- [Task description]:
Every record needs to be restated word for word.

- [Records shown]:
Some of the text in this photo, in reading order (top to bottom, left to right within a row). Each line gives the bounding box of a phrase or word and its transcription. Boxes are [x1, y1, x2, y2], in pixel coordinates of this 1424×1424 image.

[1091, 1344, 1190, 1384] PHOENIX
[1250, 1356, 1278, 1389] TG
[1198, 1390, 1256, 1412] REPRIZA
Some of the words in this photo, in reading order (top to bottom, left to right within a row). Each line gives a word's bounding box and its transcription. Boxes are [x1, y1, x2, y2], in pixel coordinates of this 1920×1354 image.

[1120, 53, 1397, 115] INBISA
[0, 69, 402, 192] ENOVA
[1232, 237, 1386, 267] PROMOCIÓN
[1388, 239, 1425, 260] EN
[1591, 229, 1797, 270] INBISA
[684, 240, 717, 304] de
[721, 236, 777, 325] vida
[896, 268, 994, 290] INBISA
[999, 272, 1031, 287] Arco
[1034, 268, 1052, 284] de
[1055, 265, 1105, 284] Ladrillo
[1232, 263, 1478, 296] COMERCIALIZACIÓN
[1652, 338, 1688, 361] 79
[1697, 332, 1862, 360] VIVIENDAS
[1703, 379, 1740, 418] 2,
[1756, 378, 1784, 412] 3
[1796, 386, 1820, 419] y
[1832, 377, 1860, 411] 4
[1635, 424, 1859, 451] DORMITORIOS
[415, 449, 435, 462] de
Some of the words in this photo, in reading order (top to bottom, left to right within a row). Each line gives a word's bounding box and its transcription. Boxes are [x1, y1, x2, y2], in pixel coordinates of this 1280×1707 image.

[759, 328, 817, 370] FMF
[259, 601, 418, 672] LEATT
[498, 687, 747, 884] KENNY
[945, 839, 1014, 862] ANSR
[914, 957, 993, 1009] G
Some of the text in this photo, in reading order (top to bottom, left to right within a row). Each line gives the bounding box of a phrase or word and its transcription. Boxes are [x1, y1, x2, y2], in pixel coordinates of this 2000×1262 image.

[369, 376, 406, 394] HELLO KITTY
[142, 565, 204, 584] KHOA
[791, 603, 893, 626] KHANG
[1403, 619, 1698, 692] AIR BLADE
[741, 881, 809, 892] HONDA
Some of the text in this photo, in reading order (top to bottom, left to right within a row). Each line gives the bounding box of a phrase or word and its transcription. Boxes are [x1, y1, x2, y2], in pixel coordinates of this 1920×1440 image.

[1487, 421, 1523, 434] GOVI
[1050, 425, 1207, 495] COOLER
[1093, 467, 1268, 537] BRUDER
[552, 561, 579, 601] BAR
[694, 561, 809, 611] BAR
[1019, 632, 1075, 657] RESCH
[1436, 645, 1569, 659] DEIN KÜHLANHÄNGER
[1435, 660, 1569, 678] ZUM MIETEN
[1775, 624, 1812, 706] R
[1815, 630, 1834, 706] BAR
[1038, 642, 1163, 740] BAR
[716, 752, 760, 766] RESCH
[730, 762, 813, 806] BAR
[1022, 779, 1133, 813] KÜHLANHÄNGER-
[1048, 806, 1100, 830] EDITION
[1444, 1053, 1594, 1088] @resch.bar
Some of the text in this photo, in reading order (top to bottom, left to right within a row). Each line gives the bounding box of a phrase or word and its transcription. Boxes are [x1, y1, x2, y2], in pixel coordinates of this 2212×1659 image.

- [Exercise result]:
Some of the text in this photo, in reading order (top to bottom, left to right within a row). Each line gives the bounding box of a phrase or word and its transcription. Boxes are [x1, y1, x2, y2], in pixel coordinates of this 1424×1424 image.

[1091, 1344, 1190, 1384] PHOENIX
[1250, 1356, 1278, 1389] TG
[1198, 1390, 1256, 1412] REPRIZA
Some of the words in this photo, in reading order (top to bottom, left to right within a row). Each line gives a word's bounding box and its transcription. Boxes are [x1, y1, x2, y2], in pixel coordinates of this 1920×1354 image.

[1120, 53, 1397, 115] INBISA
[0, 69, 402, 192] ENOVA
[1232, 237, 1386, 267] PROMOCIÓN
[1388, 239, 1425, 260] EN
[1591, 229, 1797, 270] INBISA
[684, 240, 717, 304] de
[721, 236, 777, 325] vida
[896, 268, 994, 290] INBISA
[999, 272, 1031, 287] Arco
[1034, 268, 1052, 284] de
[1055, 265, 1105, 284] Ladrillo
[1232, 263, 1478, 296] COMERCIALIZACIÓN
[1652, 338, 1688, 361] 79
[1697, 332, 1862, 360] VIVIENDAS
[1703, 379, 1740, 418] 2,
[1756, 378, 1784, 412] 3
[1796, 386, 1820, 419] y
[1832, 377, 1860, 411] 4
[1635, 424, 1859, 451] DORMITORIOS
[415, 449, 435, 462] de
Some of the words in this photo, in reading order (top to bottom, left to right within a row). Each line gives a word's bounding box and its transcription. Boxes are [x1, y1, x2, y2], in pixel coordinates of this 1280×1707 image.

[759, 328, 817, 370] FMF
[259, 601, 418, 672] LEATT
[498, 687, 747, 884] KENNY
[945, 839, 1014, 862] ANSR
[914, 957, 993, 1009] G
Some of the text in this photo, in reading order (top to bottom, left to right within a row). Each line gives the bounding box of a phrase or word and its transcription. Boxes are [x1, y1, x2, y2], in pixel coordinates of this 2000×1262 image.

[369, 376, 406, 394] HELLO KITTY
[142, 565, 204, 584] KHOA
[791, 603, 893, 626] KHANG
[1403, 619, 1698, 692] AIR BLADE
[741, 881, 809, 892] HONDA
Some of the text in this photo, in reading order (top to bottom, left to right within a row). Each line gives the bounding box of a phrase or word and its transcription. Boxes are [x1, y1, x2, y2], in pixel coordinates of this 1920×1440 image.

[1487, 421, 1523, 434] GOVI
[1050, 425, 1207, 495] COOLER
[1093, 467, 1268, 537] BRUDER
[552, 561, 579, 601] BAR
[694, 561, 809, 611] BAR
[1019, 632, 1075, 657] RESCH
[1436, 645, 1569, 659] DEIN KÜHLANHÄNGER
[1435, 660, 1569, 678] ZUM MIETEN
[1775, 624, 1812, 706] R
[1815, 630, 1834, 706] BAR
[1038, 642, 1163, 740] BAR
[716, 752, 760, 766] RESCH
[730, 762, 813, 806] BAR
[1022, 779, 1133, 813] KÜHLANHÄNGER-
[1048, 806, 1100, 830] EDITION
[1444, 1053, 1594, 1088] @resch.bar
Some of the text in this photo, in reading order (top to bottom, left to right within a row). Each line gives the bounding box of a phrase or word and its transcription. Boxes are [x1, y1, x2, y2], in pixel coordinates of this 2212×1659 image.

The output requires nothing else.